Model evaluation (or model validation) is the process of assessing the performance of a trained ML model on a (holdout) dataset. You want to establish the model’s ability to generalize - to make good predictions on new, unseen data.
Typically, you split your training data into a train set, optionally a validation set if you will perform hyperparameter tuning, and a test set used to evaluate the trained model’s performance. The model is trained on the train set, hyperparameters can be tuned using the validation set, and the model’s generalization performance is measured on the test set using one or more evaluation metrics.
If you evaluate a model for bias, you can further split your test set into slices, with one slice for each group you are investigating for model bias (e.g., gender, ethnicity, geographic, etc). Then you evaluate the model’s performance for each group using one or more evaluation metrics and compare the results across all your groups to ensure there is similar model performance across all groups.

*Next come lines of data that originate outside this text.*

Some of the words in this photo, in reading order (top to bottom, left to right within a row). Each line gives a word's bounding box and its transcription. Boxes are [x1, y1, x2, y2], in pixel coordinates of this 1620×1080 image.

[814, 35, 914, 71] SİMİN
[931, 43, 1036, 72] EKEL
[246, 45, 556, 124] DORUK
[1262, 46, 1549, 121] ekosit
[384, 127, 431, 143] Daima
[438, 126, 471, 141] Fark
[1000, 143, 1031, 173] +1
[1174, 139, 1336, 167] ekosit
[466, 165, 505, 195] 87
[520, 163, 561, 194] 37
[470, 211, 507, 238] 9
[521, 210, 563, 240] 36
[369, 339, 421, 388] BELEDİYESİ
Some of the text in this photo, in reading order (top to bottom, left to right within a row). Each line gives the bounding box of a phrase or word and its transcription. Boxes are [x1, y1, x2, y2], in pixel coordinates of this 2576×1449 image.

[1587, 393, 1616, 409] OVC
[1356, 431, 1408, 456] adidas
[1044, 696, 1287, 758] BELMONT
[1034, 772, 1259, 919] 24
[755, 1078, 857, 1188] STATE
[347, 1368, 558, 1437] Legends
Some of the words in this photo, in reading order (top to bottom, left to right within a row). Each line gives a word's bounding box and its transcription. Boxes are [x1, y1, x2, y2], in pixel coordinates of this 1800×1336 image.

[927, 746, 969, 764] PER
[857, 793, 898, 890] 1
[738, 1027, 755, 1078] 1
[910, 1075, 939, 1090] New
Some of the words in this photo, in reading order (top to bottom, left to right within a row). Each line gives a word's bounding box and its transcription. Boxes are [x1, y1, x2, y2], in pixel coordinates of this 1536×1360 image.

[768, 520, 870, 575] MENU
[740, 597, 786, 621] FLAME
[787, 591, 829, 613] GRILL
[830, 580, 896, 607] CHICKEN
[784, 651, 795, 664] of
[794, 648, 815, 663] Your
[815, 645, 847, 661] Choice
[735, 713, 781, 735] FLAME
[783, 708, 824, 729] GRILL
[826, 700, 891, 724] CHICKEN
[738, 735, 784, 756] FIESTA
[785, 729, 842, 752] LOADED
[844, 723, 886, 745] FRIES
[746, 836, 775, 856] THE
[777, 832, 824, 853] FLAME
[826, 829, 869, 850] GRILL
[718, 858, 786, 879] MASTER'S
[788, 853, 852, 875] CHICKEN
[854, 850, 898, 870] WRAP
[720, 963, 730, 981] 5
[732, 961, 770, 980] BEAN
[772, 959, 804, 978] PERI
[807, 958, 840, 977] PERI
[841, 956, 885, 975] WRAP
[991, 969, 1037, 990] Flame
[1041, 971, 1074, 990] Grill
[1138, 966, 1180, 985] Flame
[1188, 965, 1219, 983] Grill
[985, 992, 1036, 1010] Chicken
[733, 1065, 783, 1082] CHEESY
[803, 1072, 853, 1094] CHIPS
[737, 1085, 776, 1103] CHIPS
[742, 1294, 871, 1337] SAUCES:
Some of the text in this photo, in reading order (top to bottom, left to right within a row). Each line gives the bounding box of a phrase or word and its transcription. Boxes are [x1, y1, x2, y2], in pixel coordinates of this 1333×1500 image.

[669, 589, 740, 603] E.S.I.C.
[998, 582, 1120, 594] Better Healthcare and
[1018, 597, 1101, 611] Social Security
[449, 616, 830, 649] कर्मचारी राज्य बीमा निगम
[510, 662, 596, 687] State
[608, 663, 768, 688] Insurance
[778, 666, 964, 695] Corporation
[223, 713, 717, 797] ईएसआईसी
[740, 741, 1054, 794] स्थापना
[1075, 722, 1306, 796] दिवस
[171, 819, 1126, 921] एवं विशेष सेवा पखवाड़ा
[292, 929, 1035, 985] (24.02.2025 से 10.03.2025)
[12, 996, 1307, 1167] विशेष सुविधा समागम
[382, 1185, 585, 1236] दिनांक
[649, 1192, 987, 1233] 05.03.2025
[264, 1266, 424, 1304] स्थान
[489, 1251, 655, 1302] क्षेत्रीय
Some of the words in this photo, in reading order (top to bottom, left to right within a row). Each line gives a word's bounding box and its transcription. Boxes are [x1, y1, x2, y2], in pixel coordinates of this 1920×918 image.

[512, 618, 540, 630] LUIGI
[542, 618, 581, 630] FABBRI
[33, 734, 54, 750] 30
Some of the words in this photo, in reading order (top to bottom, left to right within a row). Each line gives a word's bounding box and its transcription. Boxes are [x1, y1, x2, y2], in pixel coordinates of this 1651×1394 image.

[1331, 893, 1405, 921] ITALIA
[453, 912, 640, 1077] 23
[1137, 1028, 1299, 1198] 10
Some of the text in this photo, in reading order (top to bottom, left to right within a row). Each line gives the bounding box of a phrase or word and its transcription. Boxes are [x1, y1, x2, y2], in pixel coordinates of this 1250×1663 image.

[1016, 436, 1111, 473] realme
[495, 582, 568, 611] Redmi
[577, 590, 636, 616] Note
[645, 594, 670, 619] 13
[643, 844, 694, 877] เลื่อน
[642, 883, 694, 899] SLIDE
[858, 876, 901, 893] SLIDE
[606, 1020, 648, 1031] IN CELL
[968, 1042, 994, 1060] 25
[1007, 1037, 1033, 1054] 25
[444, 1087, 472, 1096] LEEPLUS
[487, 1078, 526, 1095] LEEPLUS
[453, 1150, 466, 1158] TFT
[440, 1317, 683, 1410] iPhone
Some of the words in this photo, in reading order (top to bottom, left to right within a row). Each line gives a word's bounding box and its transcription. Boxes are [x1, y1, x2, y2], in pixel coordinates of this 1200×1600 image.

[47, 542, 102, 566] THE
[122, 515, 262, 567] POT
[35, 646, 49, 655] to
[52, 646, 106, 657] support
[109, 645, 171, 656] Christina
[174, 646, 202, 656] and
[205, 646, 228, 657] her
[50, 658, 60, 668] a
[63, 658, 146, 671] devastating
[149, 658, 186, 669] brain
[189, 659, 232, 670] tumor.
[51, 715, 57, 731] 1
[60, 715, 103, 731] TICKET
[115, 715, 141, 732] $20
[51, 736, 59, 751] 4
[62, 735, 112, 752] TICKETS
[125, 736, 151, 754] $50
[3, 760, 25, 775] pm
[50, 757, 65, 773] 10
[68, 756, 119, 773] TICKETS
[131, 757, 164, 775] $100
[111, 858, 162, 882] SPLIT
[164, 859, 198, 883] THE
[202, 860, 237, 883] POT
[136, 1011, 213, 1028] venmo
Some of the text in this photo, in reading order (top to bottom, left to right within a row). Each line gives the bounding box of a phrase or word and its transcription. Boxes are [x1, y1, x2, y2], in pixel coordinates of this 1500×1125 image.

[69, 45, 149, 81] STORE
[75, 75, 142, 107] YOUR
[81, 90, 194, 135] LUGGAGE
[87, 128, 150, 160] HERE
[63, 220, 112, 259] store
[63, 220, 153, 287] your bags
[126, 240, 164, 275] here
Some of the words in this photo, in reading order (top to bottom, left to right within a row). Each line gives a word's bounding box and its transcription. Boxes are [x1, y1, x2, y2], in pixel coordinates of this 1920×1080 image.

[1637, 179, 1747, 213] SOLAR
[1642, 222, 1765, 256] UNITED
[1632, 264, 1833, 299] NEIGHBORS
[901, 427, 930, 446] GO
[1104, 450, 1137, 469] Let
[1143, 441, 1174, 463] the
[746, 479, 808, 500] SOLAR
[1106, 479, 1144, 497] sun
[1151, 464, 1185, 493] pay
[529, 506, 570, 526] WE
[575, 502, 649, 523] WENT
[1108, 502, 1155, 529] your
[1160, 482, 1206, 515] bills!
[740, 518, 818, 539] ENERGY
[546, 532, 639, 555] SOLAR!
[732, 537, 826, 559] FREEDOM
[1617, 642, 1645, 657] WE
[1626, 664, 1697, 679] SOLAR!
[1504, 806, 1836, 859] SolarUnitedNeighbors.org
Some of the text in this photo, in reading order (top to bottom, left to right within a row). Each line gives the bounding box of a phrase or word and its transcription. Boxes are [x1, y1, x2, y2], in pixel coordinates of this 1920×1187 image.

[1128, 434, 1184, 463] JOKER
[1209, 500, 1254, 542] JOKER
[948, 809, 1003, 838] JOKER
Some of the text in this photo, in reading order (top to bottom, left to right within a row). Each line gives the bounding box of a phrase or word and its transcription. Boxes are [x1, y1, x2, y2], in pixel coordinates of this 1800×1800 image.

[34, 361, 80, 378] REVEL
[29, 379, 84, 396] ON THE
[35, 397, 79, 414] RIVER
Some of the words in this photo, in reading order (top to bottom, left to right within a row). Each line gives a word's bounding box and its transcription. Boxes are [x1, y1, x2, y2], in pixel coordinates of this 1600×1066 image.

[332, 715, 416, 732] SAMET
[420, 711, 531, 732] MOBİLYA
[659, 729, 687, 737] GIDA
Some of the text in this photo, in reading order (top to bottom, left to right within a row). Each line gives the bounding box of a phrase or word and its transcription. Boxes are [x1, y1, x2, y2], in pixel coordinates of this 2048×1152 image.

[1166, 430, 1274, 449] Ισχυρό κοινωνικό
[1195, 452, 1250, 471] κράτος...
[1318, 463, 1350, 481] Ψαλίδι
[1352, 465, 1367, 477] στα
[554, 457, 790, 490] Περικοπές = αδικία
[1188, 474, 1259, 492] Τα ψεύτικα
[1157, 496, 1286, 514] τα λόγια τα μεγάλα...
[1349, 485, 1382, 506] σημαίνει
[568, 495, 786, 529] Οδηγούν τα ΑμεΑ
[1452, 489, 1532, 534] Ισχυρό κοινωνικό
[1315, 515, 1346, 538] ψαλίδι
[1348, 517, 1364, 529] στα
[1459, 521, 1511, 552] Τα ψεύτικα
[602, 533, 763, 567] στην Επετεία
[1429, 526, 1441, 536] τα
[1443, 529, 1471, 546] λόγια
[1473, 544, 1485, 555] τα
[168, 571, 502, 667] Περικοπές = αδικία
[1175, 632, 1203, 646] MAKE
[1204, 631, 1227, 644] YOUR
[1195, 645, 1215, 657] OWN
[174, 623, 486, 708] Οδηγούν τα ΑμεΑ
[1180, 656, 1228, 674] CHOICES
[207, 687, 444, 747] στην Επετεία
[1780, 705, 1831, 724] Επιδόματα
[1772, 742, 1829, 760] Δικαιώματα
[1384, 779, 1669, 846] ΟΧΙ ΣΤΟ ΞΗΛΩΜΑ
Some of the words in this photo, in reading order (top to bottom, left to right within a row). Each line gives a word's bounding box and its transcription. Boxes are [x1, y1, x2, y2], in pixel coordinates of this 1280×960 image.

For a binary classification problem, common evaluation metrics include accuracy, precision, recall, F1 score, and area under the receiver operating characteristic curve (ROC AUC). For multi-class classification problems, a confusion matrix is often used that shows the counts of TPs (true positives), FPs (false positives), TNs (true negatives), and FNs (false negatives) for all predictions made using the test set. For regression problems, metrics such as mean squared error (MSE) and R-squared are commonly used.